US President Donald Trump has announced sweeping new travel restrictions on Europe in a bid to combat the spread of the coronavirus. But he said the “strong but necessary” restrictions would not apply to the UK, which has 460 cases of the virus.

“We will be suspending all travel from Europe to the United States for the next 30 days,” Trump said, adding that the restrictions will be adjusted as necessary. He also noted that there will be “exemptions for Americans who have undergone appropriate screenings.”

A presidential proclamation issued later specified that only travellers from the 26 countries in the Schengen border-free travel area were barred.

This leaves a number of other European countries including Ireland unaffected.

“To keep new cases from entering our shores, we will be suspending all travel from Europe,” Mr Trump said from the Oval Office on Wednesday evening.

“The new rules will go into effect Friday at midnight,” he added.
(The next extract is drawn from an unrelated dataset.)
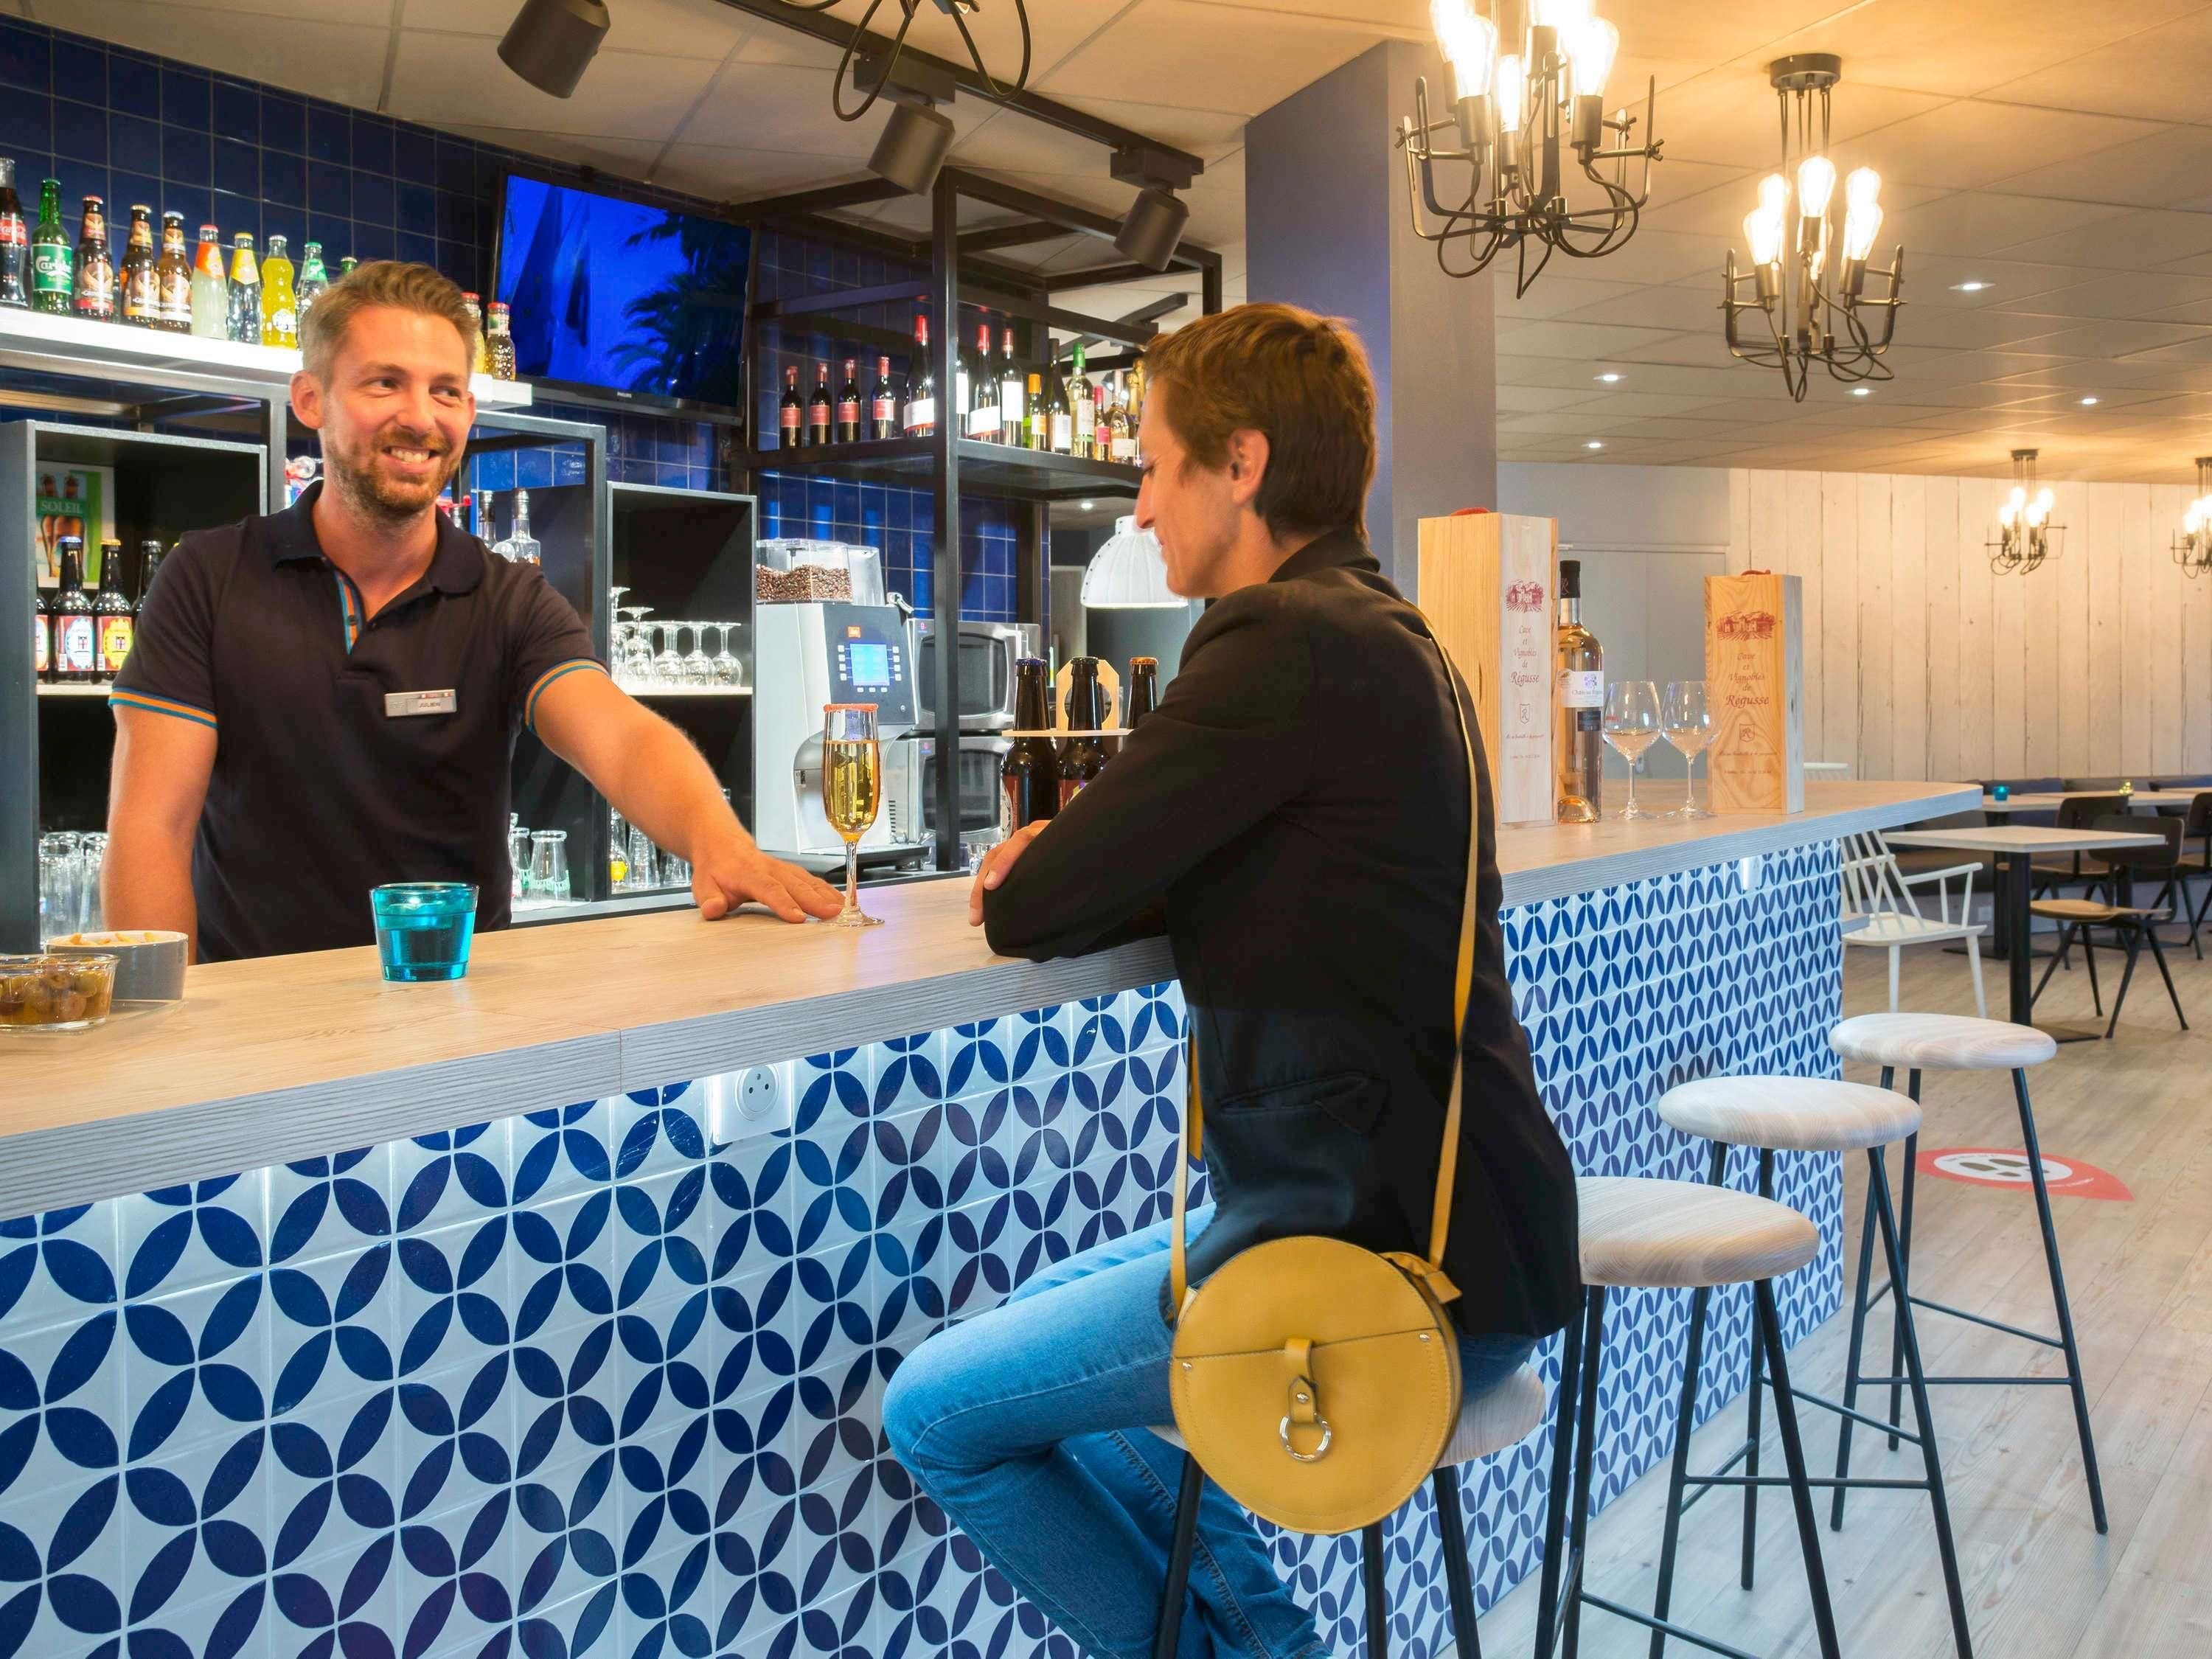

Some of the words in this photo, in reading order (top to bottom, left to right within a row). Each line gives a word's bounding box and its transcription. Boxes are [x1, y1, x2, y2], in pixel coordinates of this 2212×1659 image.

The travel order does not apply to US citizens.

There are 1,135 confirmed cases of the virus across the US, with 38 deaths so far.

Mr Trump said the European Union had “failed to take the same precautions” as the US in fighting the virus.

A presidential proclamation, published shortly after Mr Trump’s speech, specified that the ban applied to anyone who had been in the EU’s Schengen border-free area in the 14 days before their arrival in the US.

The Schengen area, as defined in the proclamation, includes 26 European states, but does not include the UK or Ireland, which will not be subject to the ban.

Mr Trump initially said the travel suspension would also “apply to the tremendous amount of trade and cargo” coming from Europe into the US. He later tweeted to say that trade would “in no way be affected”.

He also announced plans to provide billions of dollars in loans to small businesses, and urged Congress to pass major tax relief measures in an attempt to stymie the effect of the coronavirus outbreak on the economy.

The US president has faced criticism for his response to the virus. [via bbc, politico]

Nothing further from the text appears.